Cooked spinach provides more beta-carotene while raw provides more fiber. The spinach calories in raw is low compared to cooked (which can be about 40 calories per cup depending on the fats used to cook it with).
- 2 cups of raw spinach has about 14 calories
- 1 cup of raw spinach has about 7 calories
Looking for ways to add more of this leafy green to your diet? Here are 12 Spinach Recipes to give you inspiration.
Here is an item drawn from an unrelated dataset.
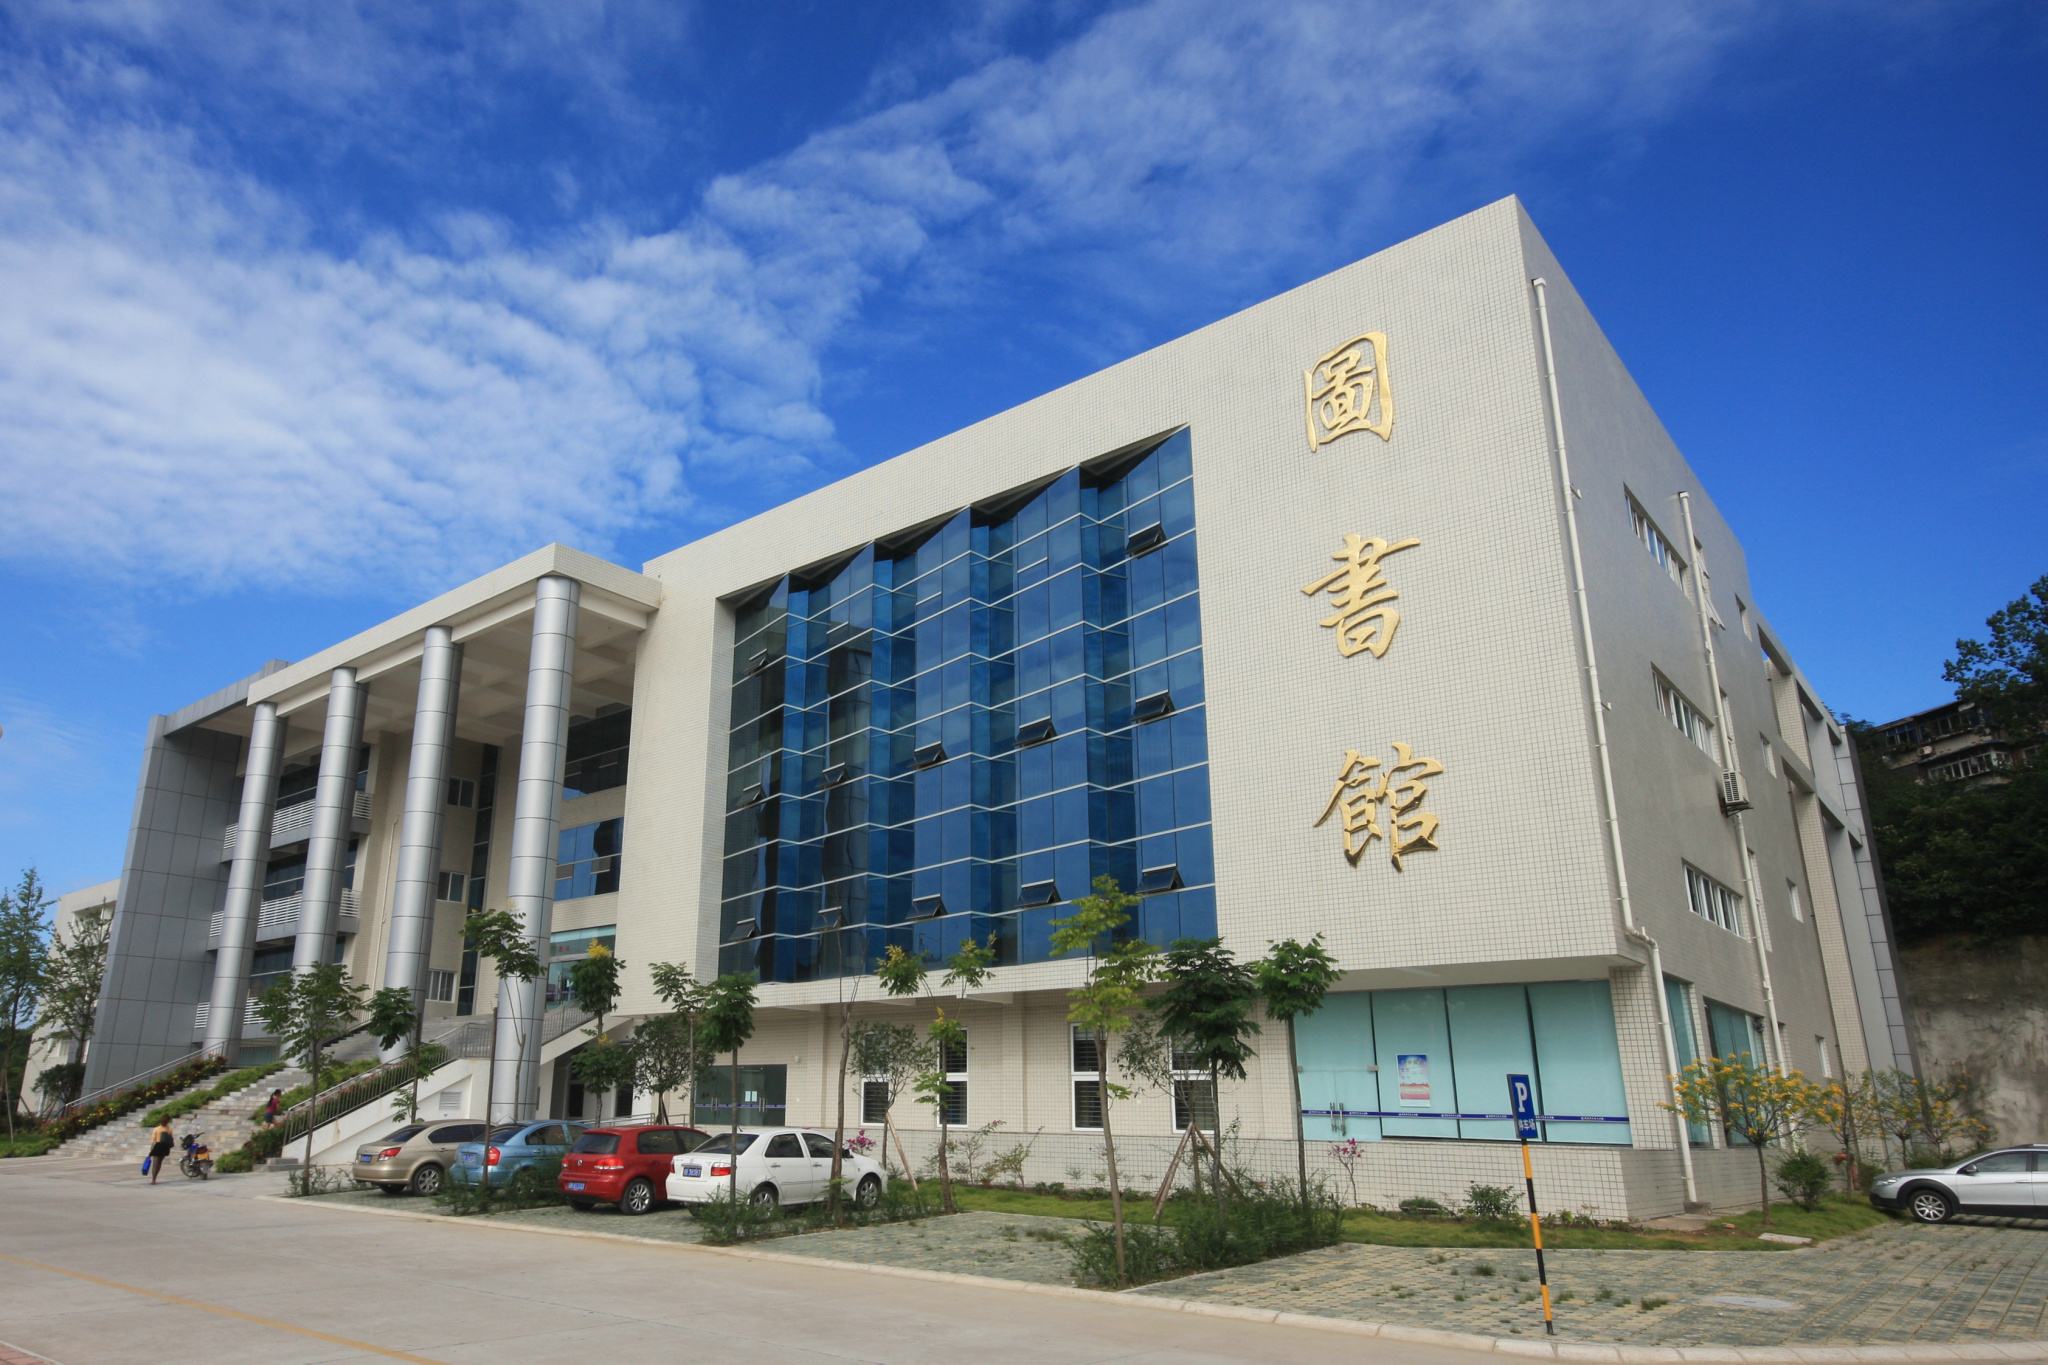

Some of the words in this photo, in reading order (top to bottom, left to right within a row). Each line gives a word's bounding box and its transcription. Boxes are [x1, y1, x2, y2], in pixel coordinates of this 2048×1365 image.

- Blend with berries, frozen banana and oat milk to make smoothies like this Blueberry Spinach Smoothie
- Make homemade smoothie packs to freeze for smoothies (2 cups spinach and 1-1/2 cup fruit) pop in your blender with oat milk (or your favorite nut milk) and blend.
- Stuff chicken breasts with a mixture of this leafy green and cheese and bake.
- Blend with Parmesan cheese, lemon juice and olive oil to make pesto.
- Add to skillet meals like this Italian Chicken Skillet, Vegan Breakfast Skillet and this Chicken Chermoula
- Whisk together with onion, leek and eggs to make a Spinach Leek Frittata
- Stuff baked potatoes with this Wilted Lemon Garlic Spinach and grated Parmesan cheese or simply serve it as a side to grilled chicken.
- Stir into soups like this Tuscan White Bean Soup and Italian Wedding Soup
- Toss leaves into salads like this Spinach Berry Antioxidant Salad and Spinach Quinoa Salad
- Blend leaves with chickpeas to make Spinach Hummus
- Saute Spinach and Chickpeas with onion and tomatoes for an easy vegan dish.